Феликс выбросил рожок с мороженым, который Цвайгль купил ему, когда они выходили из парка. Съел он совсем чуть-чуть. Сейчас он предавался меланхолии и прикладывал к тому немалые усилия. «Иди-ка в армию», — подумал Цвайгль. Мальчик в любое время дня держал голову так, словно ее скрывает капюшон. Майк шел рядом с отцом и взволнованно рассказывал о каком-то «канале», который недавно создал его класс. Где и какой именно канал, Цвайгль не уразумел. «И тогда Георг третий час упорно там оставлял», — сказал Майк и поднял глаза на Цвайгля, готовый вот-вот рассмеяться. Это что, и правда полное предложение? Смысла в нем не было ни грана. Почему дети сейчас говорят так непонятно? Просто рехнуться. Раньше все легко можно было понять, даже если они болтали без умолку с набитым ртом. «Ха-ха, правда?» — спросил Цвайгль. «Целый третий час!» — взвизгнул Майк, заходясь от смеха. «Ну, надо же», — откликнулся Цвайгль. Мальчик согнулся, смеясь, и попытался сказать что-то еще, наверно, повторить суть своего рассказа. «Нет, ну надо же, просто удивительно», — произнес Цвайгль. Феликс с трагическим видом быстро шагал впереди, внимая музыке в наушниках и отрешившись от внешнего мира. При ходьбе он болтал руками. Вот ведь неудачник! Цвайгль заметил, что мальчик направился не туда. Вообще-то им нужно было сюда, налево. Он подумал, а что если не мешать ему, пусть идет, куда хочет, а потом посмотреть, где они в конце концов окажутся. Но потом все же крикнул: «Эй, Феликс!» Мальчик не слышал. «Нам в другую сторону!
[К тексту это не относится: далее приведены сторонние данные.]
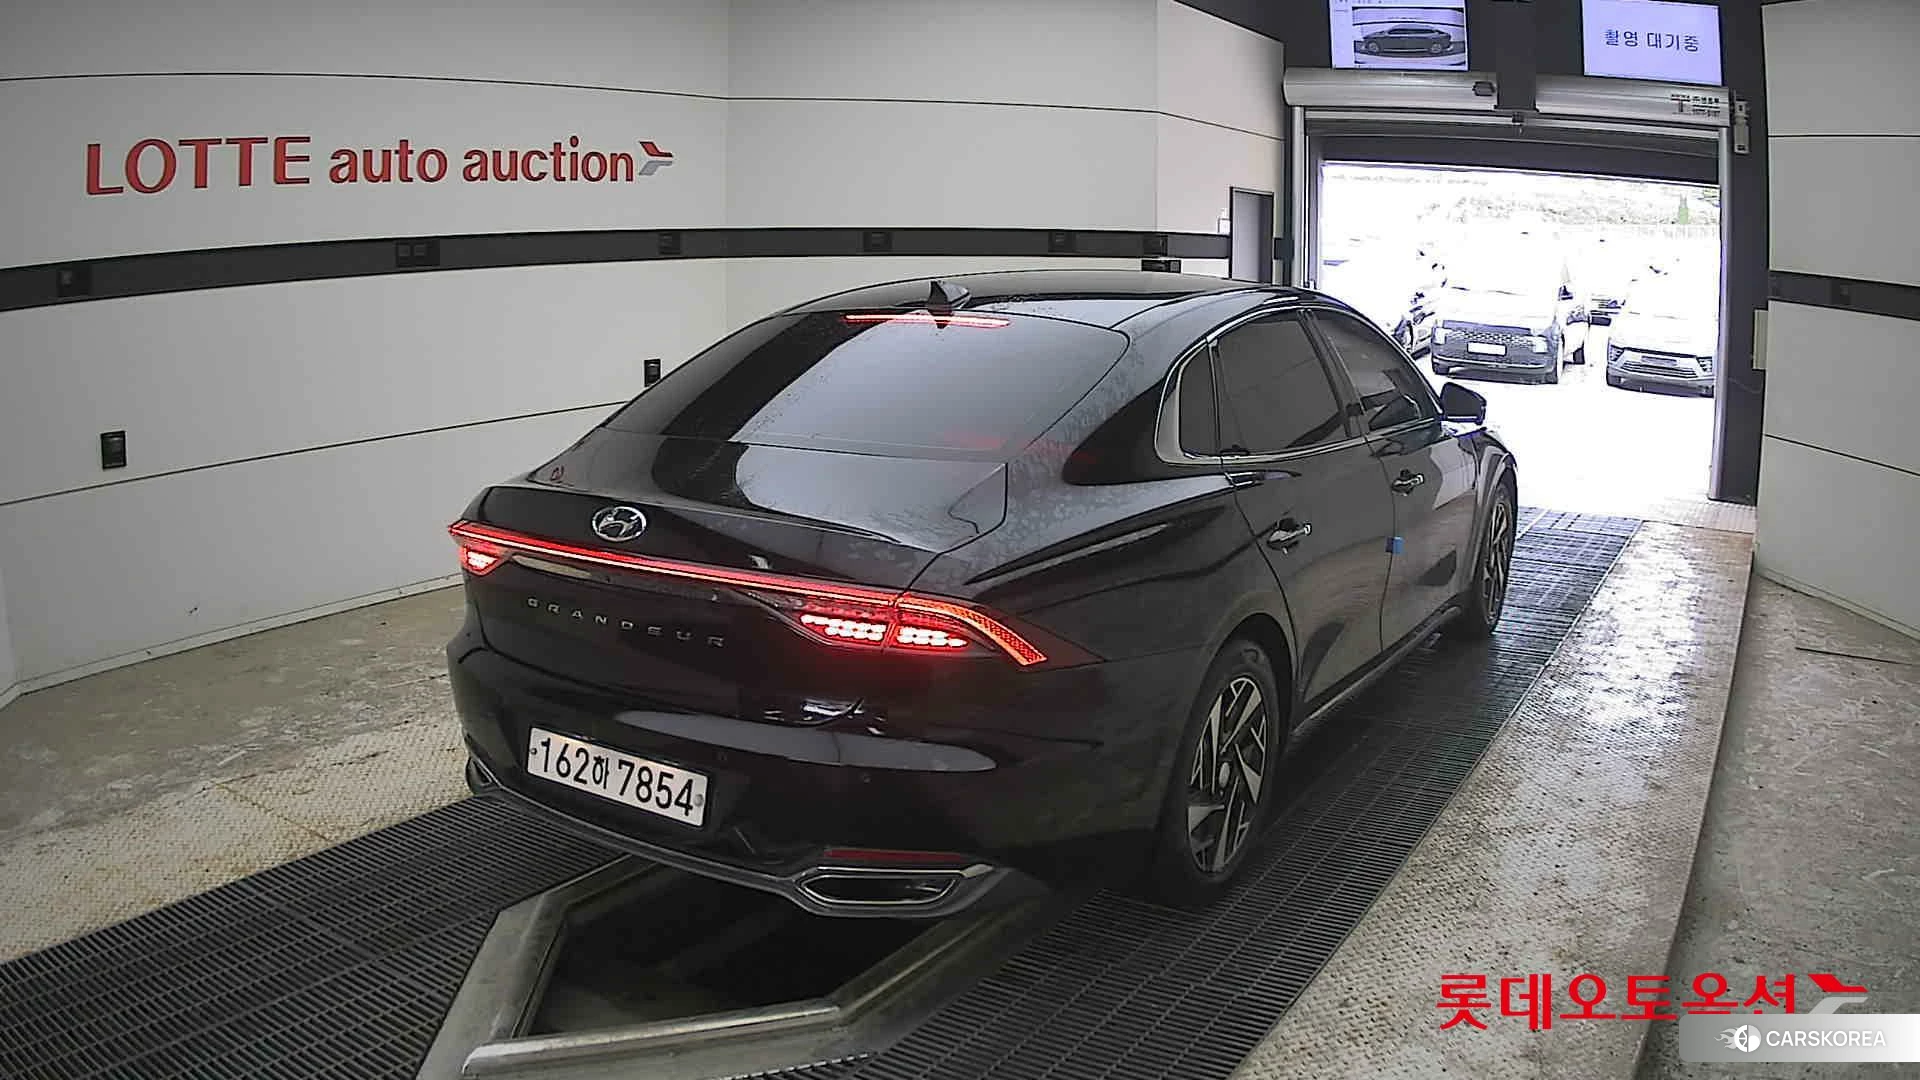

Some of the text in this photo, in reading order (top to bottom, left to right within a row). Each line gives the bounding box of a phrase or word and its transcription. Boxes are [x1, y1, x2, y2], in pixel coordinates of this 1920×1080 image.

Феликс!» Майк не стал кричать, но замахал руками, подражая движениям отца. «Феликс! Аллах акбар!» — крикнул Цвайгль. Мальчик остановился, обернулся и вынул из уха один наушник. «Нам сюда». Феликс посмотрел на него как на безумца. «В армию — сюда», — провозгласил Цвайгль. Мальчик покачал головой и вместе с ними свернул налево. Через четверть часа они были дома.
«Представь себе, что ты случайно упал на улице в незастывший бетон, понимаешь? Ты провалился в бетон по шею, и он медленно застывает, сжимая твое тело, твои легкие уже не могут расширяться, а прохожие столпились и обмахивают тебя какими-то брошюрками: это, конечно, помогает, но только отчасти». Цвайглю пришлось вдохнуть поглубже, потому что он и в самом деле ощутил по ходу своего рассказа странное стеснение в грудной клетке. Возможно, это действительно конец. Да, страх вернулся. Не надо было идти… Это было не… О, Боже мой. Страх сделался невыносимым. Майк все это время мужественно его слушал. «Мне позвонить?» — предложил он. «Нет, — отказался Цвайгль, — скорая мне не поможет. Вообще ничем. Я же повсюду ношу свой страх с собой. Вот представь себе, что тебя заключили в воздухонепроницаемую камеру, понимаешь? И ты замечаешь, что уже дышишь с трудом. И что вот-вот потеряешь сознание. Но пол весь утыкан копьями, и если ты упадешь, они тебя пронзят. И тут открывается дверь, и кто-то приносит тебе в камеру молочный кекс и говорит: “Вот, возьми, подкрепись немножко”. Вот так я себя и чувствую, каждый день, каждую секунду. Не понимаю, почему никто этого не осознает». Когда Майк сидел на диване, ноги у него даже не доставали до пола. Мальчик беспокойно ерзал, вероятно, ему хотелось уйти играть в игры на мобильном телефоне, но он старался этого не показывать. Феликс уединился у себя в комнате, отгородившись от всего. «А что если тот, кто принес кекс, откроет дверь? — вдруг предположил Майк. — Тогда можно будет выйти вместе с ним». Цвайгль внимательно выслушал, кивнул. Гм. Хорошо. Что можно на это ответить? Он кивнул еще раз. «Окей», — сказал он. «Да, очень хорошо. Ты решил проблему. Просто как следует подумав». Мальчик с надеждой поглядел на Цвайгля. «Тогда у твоего папы отныне тоже не будет приступов страха». Сын по-прежнему глядел на него с надеждой, и постепенно его даже охватывал восторг. «Ну, просто здорово. Проблема решена, раз и навсегда». А, вот теперь он заметил. Цвайглю для этого пришлось говорить наигранно, преувеличенно-оптимистическим тоном.